Instructions to follow:
Copy out all of the data below with no alterations.

──────── Source material

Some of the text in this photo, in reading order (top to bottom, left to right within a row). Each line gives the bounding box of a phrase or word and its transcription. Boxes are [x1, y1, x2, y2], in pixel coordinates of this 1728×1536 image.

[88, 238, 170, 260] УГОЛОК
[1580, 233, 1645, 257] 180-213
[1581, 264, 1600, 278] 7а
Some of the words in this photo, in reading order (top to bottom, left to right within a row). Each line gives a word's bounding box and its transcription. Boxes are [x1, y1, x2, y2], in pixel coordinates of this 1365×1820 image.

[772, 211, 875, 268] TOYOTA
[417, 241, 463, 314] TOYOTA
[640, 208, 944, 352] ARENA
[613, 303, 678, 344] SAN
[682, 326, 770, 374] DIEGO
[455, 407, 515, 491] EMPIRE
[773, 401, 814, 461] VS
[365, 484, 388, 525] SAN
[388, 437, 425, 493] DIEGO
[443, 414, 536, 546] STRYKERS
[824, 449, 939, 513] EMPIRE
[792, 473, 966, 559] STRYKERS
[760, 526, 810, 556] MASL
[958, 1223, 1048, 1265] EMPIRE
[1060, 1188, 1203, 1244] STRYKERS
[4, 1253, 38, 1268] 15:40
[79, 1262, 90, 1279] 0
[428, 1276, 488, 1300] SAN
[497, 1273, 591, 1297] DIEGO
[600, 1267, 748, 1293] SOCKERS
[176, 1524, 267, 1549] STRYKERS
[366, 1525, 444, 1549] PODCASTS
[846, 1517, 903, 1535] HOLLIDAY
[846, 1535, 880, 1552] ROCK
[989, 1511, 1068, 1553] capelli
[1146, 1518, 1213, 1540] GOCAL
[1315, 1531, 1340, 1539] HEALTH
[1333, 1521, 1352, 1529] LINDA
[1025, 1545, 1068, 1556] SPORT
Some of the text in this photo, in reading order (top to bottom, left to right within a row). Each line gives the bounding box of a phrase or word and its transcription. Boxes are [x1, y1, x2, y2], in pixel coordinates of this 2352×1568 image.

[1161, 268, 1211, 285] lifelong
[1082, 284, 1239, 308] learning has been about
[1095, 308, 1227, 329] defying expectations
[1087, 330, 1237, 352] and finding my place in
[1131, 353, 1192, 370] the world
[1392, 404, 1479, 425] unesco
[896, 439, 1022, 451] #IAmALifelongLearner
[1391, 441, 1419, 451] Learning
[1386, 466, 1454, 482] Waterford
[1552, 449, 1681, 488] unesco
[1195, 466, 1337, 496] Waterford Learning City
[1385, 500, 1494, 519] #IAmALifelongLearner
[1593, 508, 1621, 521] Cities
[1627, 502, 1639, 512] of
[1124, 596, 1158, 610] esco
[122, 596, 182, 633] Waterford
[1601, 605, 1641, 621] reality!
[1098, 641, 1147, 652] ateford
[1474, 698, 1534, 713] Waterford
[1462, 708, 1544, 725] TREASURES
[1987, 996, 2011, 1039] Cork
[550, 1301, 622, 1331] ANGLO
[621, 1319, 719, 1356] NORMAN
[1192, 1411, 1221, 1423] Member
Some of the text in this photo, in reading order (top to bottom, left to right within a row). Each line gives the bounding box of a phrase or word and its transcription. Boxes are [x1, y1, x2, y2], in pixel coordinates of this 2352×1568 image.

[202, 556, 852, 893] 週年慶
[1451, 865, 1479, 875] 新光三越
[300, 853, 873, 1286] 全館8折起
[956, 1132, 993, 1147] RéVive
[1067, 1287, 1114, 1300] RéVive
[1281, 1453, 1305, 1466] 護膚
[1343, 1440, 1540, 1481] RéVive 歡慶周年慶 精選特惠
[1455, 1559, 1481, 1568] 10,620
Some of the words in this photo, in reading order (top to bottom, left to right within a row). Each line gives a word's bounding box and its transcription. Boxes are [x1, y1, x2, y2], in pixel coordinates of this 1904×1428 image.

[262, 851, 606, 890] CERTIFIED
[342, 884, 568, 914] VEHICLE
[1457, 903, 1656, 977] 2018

────────────────

Answer to the problem:
Some of the text in this photo, in reading order (top to bottom, left to right within a row). Each line gives the bounding box of a phrase or word and its transcription. Boxes are [x1, y1, x2, y2], in pixel coordinates of this 1728×1536 image.

[88, 238, 170, 260] УГОЛОК
[1580, 233, 1645, 257] 180-213
[1581, 264, 1600, 278] 7а
Some of the words in this photo, in reading order (top to bottom, left to right within a row). Each line gives a word's bounding box and its transcription. Boxes are [x1, y1, x2, y2], in pixel coordinates of this 1365×1820 image.

[772, 211, 875, 268] TOYOTA
[417, 241, 463, 314] TOYOTA
[640, 208, 944, 352] ARENA
[613, 303, 678, 344] SAN
[682, 326, 770, 374] DIEGO
[455, 407, 515, 491] EMPIRE
[773, 401, 814, 461] VS
[365, 484, 388, 525] SAN
[388, 437, 425, 493] DIEGO
[443, 414, 536, 546] STRYKERS
[824, 449, 939, 513] EMPIRE
[792, 473, 966, 559] STRYKERS
[760, 526, 810, 556] MASL
[958, 1223, 1048, 1265] EMPIRE
[1060, 1188, 1203, 1244] STRYKERS
[4, 1253, 38, 1268] 15:40
[79, 1262, 90, 1279] 0
[428, 1276, 488, 1300] SAN
[497, 1273, 591, 1297] DIEGO
[600, 1267, 748, 1293] SOCKERS
[176, 1524, 267, 1549] STRYKERS
[366, 1525, 444, 1549] PODCASTS
[846, 1517, 903, 1535] HOLLIDAY
[846, 1535, 880, 1552] ROCK
[989, 1511, 1068, 1553] capelli
[1146, 1518, 1213, 1540] GOCAL
[1315, 1531, 1340, 1539] HEALTH
[1333, 1521, 1352, 1529] LINDA
[1025, 1545, 1068, 1556] SPORT
Some of the text in this photo, in reading order (top to bottom, left to right within a row). Each line gives the bounding box of a phrase or word and its transcription. Boxes are [x1, y1, x2, y2], in pixel coordinates of this 2352×1568 image.

[1161, 268, 1211, 285] lifelong
[1082, 284, 1239, 308] learning has been about
[1095, 308, 1227, 329] defying expectations
[1087, 330, 1237, 352] and finding my place in
[1131, 353, 1192, 370] the world
[1392, 404, 1479, 425] unesco
[896, 439, 1022, 451] #IAmALifelongLearner
[1391, 441, 1419, 451] Learning
[1386, 466, 1454, 482] Waterford
[1552, 449, 1681, 488] unesco
[1195, 466, 1337, 496] Waterford Learning City
[1385, 500, 1494, 519] #IAmALifelongLearner
[1593, 508, 1621, 521] Cities
[1627, 502, 1639, 512] of
[1124, 596, 1158, 610] esco
[122, 596, 182, 633] Waterford
[1601, 605, 1641, 621] reality!
[1098, 641, 1147, 652] ateford
[1474, 698, 1534, 713] Waterford
[1462, 708, 1544, 725] TREASURES
[1987, 996, 2011, 1039] Cork
[550, 1301, 622, 1331] ANGLO
[621, 1319, 719, 1356] NORMAN
[1192, 1411, 1221, 1423] Member
Some of the text in this photo, in reading order (top to bottom, left to right within a row). Each line gives the bounding box of a phrase or word and its transcription. Boxes are [x1, y1, x2, y2], in pixel coordinates of this 2352×1568 image.

[202, 556, 852, 893] 週年慶
[1451, 865, 1479, 875] 新光三越
[300, 853, 873, 1286] 全館8折起
[956, 1132, 993, 1147] RéVive
[1067, 1287, 1114, 1300] RéVive
[1281, 1453, 1305, 1466] 護膚
[1343, 1440, 1540, 1481] RéVive 歡慶周年慶 精選特惠
[1455, 1559, 1481, 1568] 10,620
Some of the words in this photo, in reading order (top to bottom, left to right within a row). Each line gives a word's bounding box and its transcription. Boxes are [x1, y1, x2, y2], in pixel coordinates of this 1904×1428 image.

[262, 851, 606, 890] CERTIFIED
[342, 884, 568, 914] VEHICLE
[1457, 903, 1656, 977] 2018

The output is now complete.